__Task details__:
An exact transcription of the entries is required, with none of the pictures carried over.
-- Dataset follows --
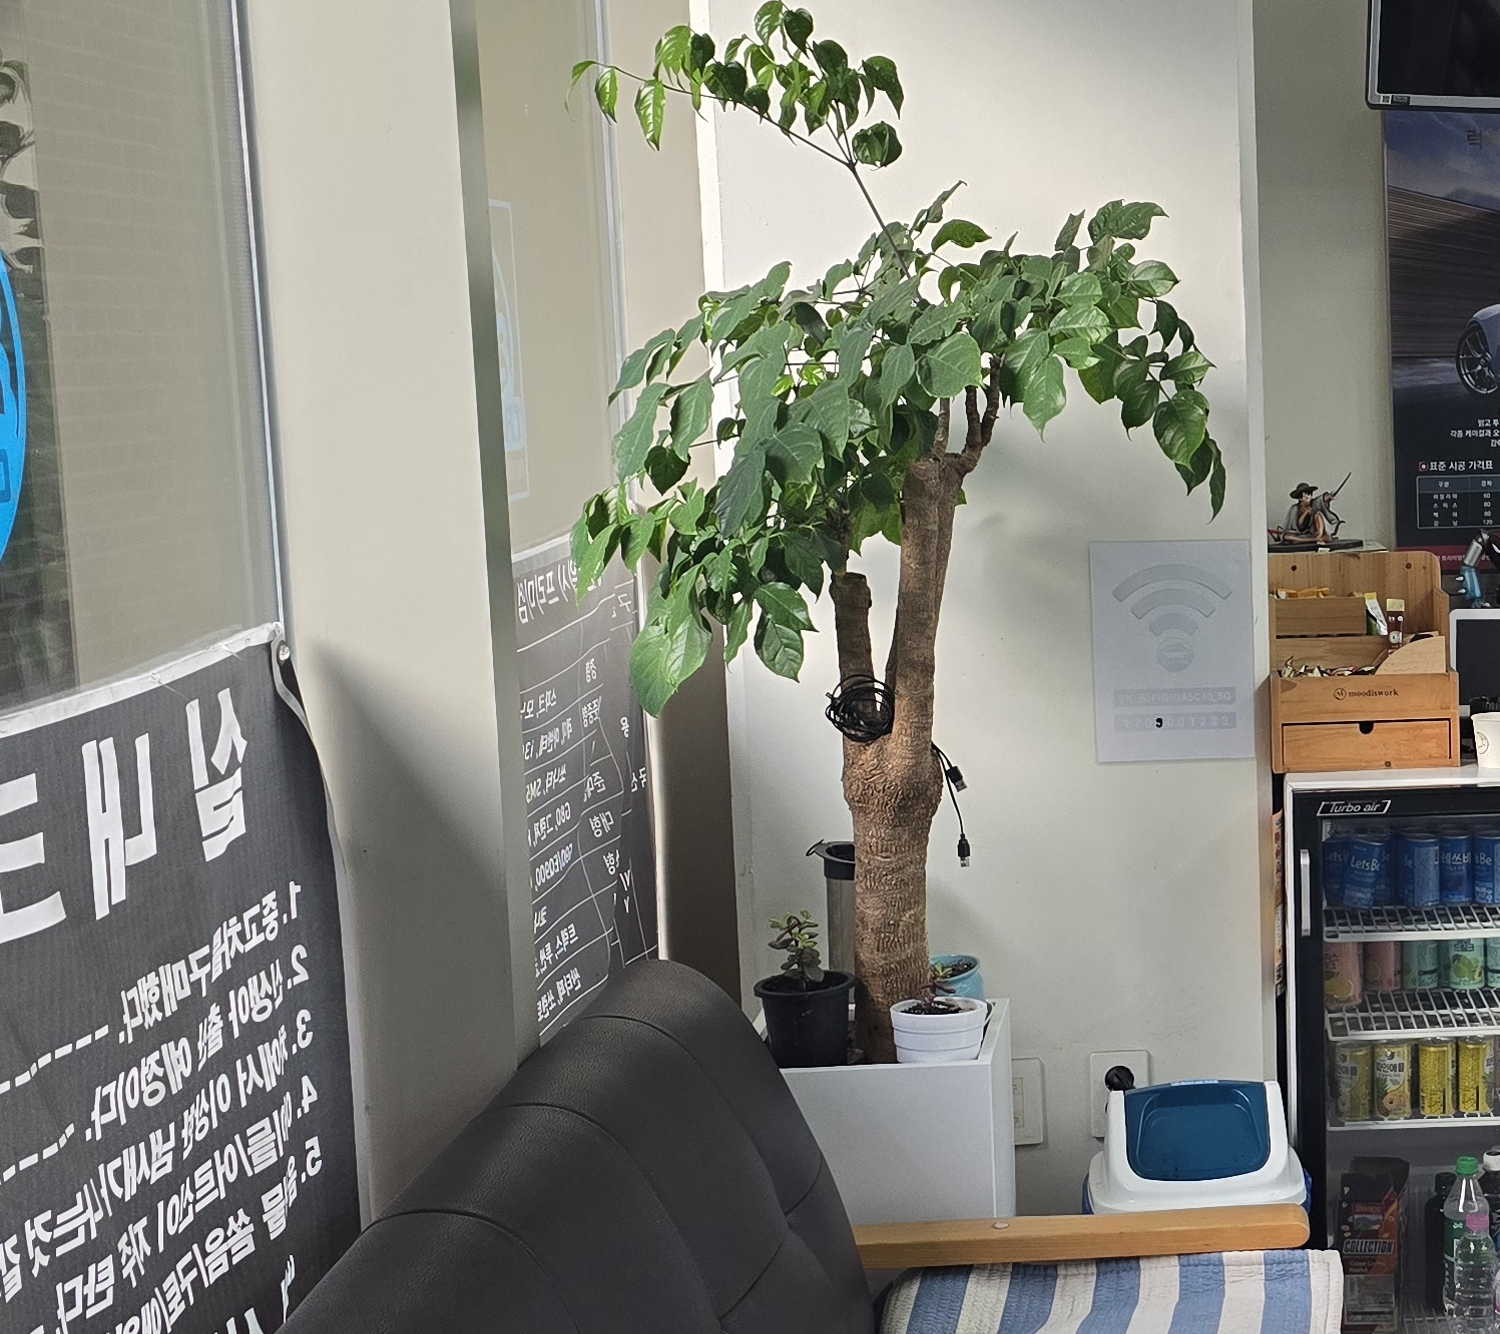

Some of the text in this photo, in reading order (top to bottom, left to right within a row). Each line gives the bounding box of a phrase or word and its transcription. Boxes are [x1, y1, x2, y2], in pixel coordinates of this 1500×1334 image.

[1429, 459, 1493, 471] 표준 시공 가격표
[1349, 688, 1399, 699] moodiswork
[1328, 802, 1381, 813] Turbo air
[1343, 1239, 1394, 1255] COLLECTION
-- Dataset concluded --
__Your response__:
Some of the text in this photo, in reading order (top to bottom, left to right within a row). Each line gives the bounding box of a phrase or word and its transcription. Boxes are [x1, y1, x2, y2], in pixel coordinates of this 1500×1334 image.

[1429, 459, 1493, 471] 표준 시공 가격표
[1349, 688, 1399, 699] moodiswork
[1328, 802, 1381, 813] Turbo air
[1343, 1239, 1394, 1255] COLLECTION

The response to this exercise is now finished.